Seen as an important symbol of life, hands and fingers carved into gravestones represent the deceased's relationships with other human beings and with God. Cemetery hands tend to be found most commonly on Victorian tombstones of the 1800s to mid-1900s, and are typically portrayed in one of four ways: blessing, clasping, pointing or praying.
Finger Pointing Up or Down
A hand with the index finger pointing up symbolizes the hope of heaven, while a hand with the index finger pointing down represents God reaching down for the soul. The finger pointing down does not indicate damnation; instead, it most commonly represents an untimely, sudden, or unexpected death.
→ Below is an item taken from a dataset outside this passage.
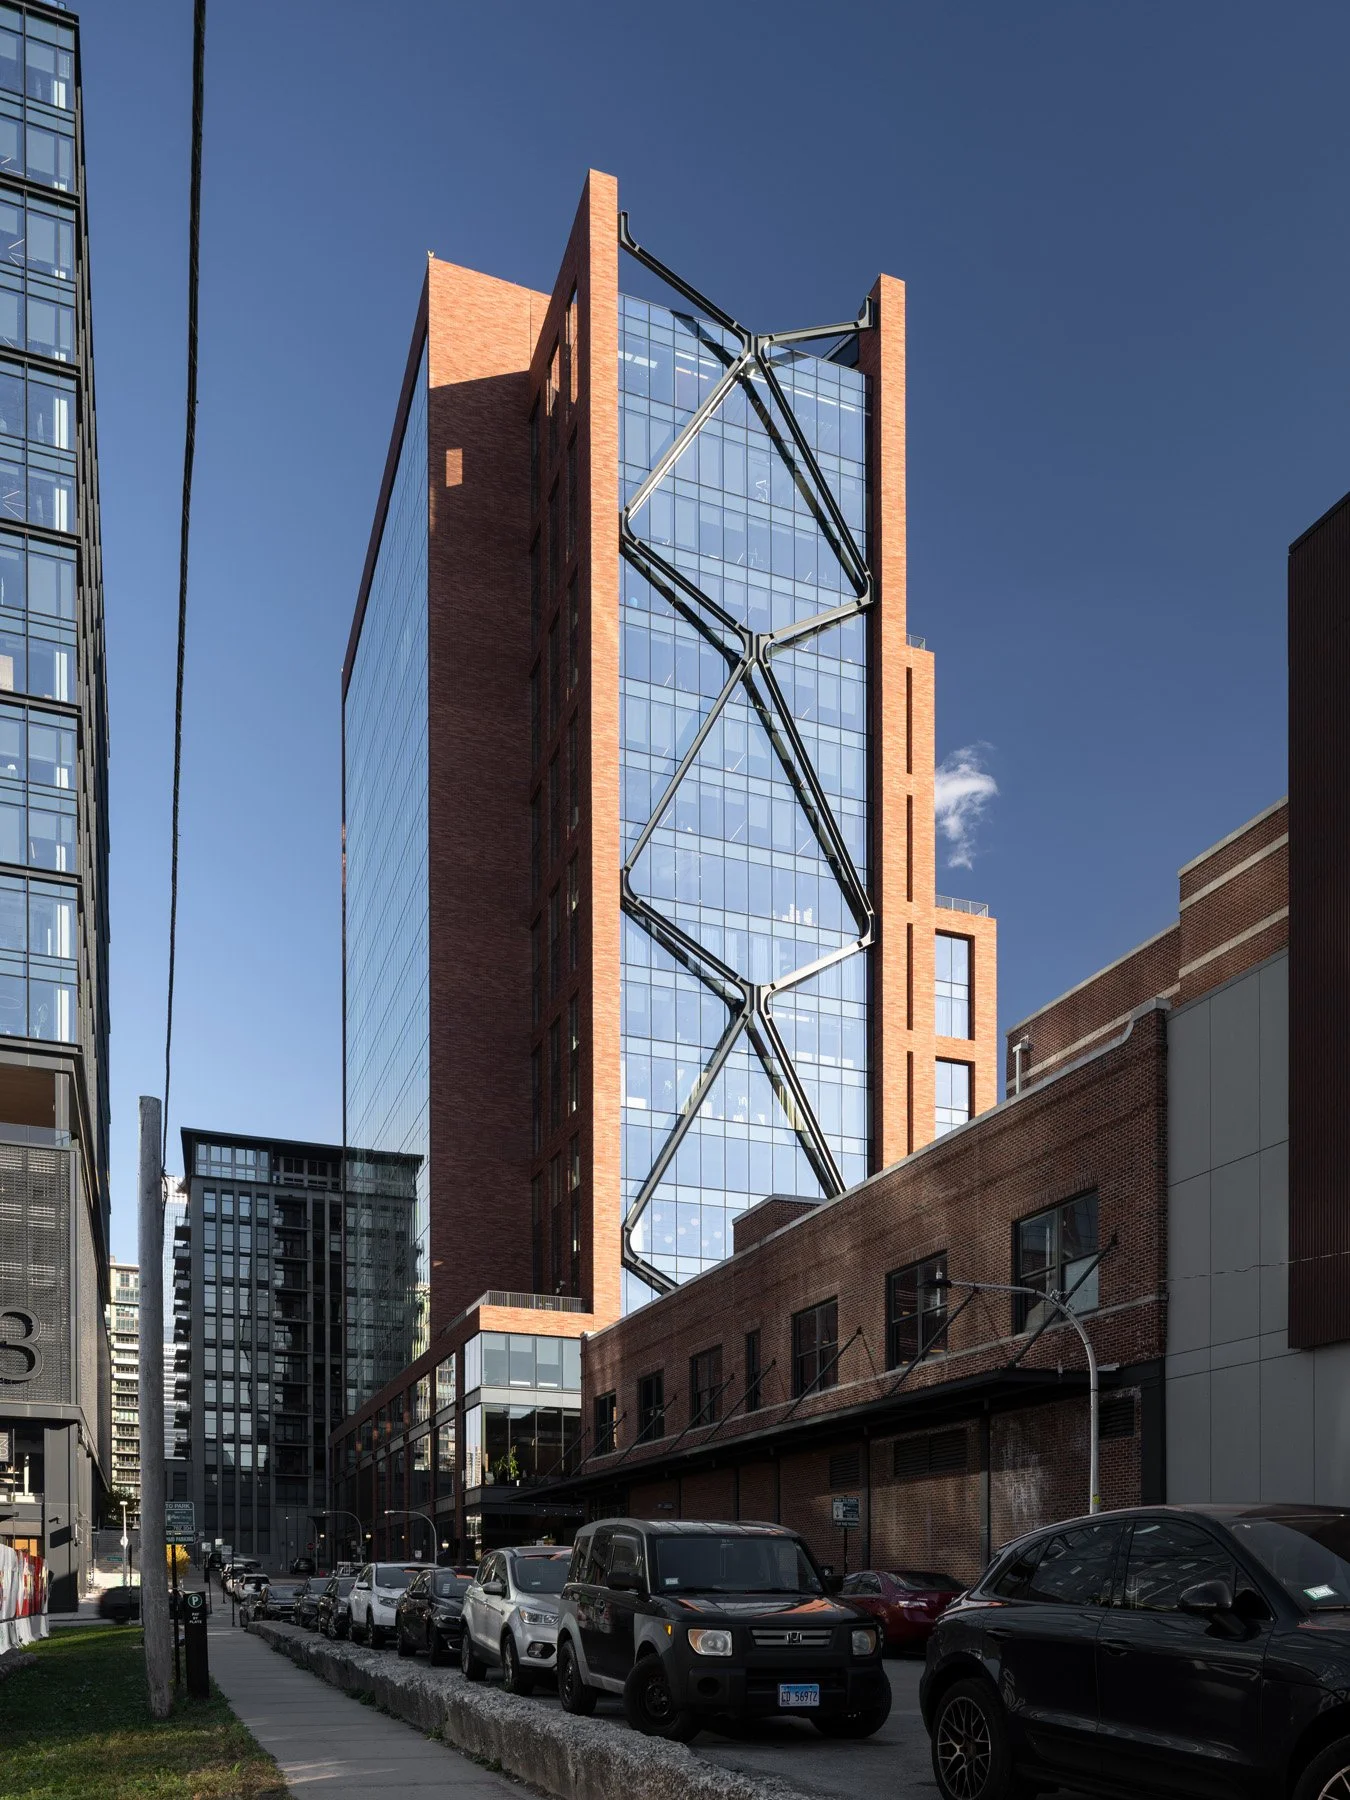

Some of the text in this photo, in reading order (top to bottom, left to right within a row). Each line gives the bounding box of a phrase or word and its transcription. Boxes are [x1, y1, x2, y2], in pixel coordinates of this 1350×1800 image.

A hand with a finger pointing at a book typically represents the Bible.
Hands Holding Something
Hands holding a chain with a broken link symbolizes the death of a family member or, sometimes, the bonds of marriage, broken by death. The hand of God plucking a link of the chain represents God bringing a soul unto himself.
Hands holding an open book (usually a representation of the Bible) symbolize the embodiment of faith.
Hands holding a heart are symbolic of charity and are most typically seen on headstones of members of the Independent Order of Odd Fellows (I.O.O.F.).
Handshake or Clasped Hands
The handshake or representation of clasped hands dates back to the Victorian era and represents a farewell to earthly existence and God's welcome into heaven. It may also indicate a relationship between the deceased and the loved ones they left behind.
If the sleeves of the two hands are masculine and feminine, the handshake, or clasped hands, may symbolize holy matrimony, or the eternal unity of a husband or wife. Sometimes the hand on top, or the arm positioned slightly higher than the other indicates the person who passed away first, and is now guiding their loved one into the next life. Alternatively, it may indicate God or someone else reaching down to guide them up to Heaven.
Clasped hands can also sometimes represent lodge fellowship and are often seen on Masonic and I.O.O.F. headstones.
Hand Holding an Ax
A hand holding an ax means sudden death or a life cut short.
Cloud With a Hand Emerging
This represents God reaching down to the deceased.
Fingers Parted in a V or Hands with Touching Thumbs
Two hands, with middle and ring fingers parted to form a V (often with the thumbs touching), are the symbol of a Jewish priestly blessing-from Kohen or Cohen, or the plural form Kohanim or Cohanim (Hebrew for priest). Kohanim are direct male descendants of Aaron, the first Kohen, and brother of Moses. Some Jewish surnames often associated with this symbol include Cahn/Kahn, Cohn/Kohn and Cohen/Kohen, although this symbol may also be found on gravestones of people with other surnames. Leonard Nimoy modeled the "Live Long and Prosper" hand gesture of his Star Trek character, Spock after this symbol.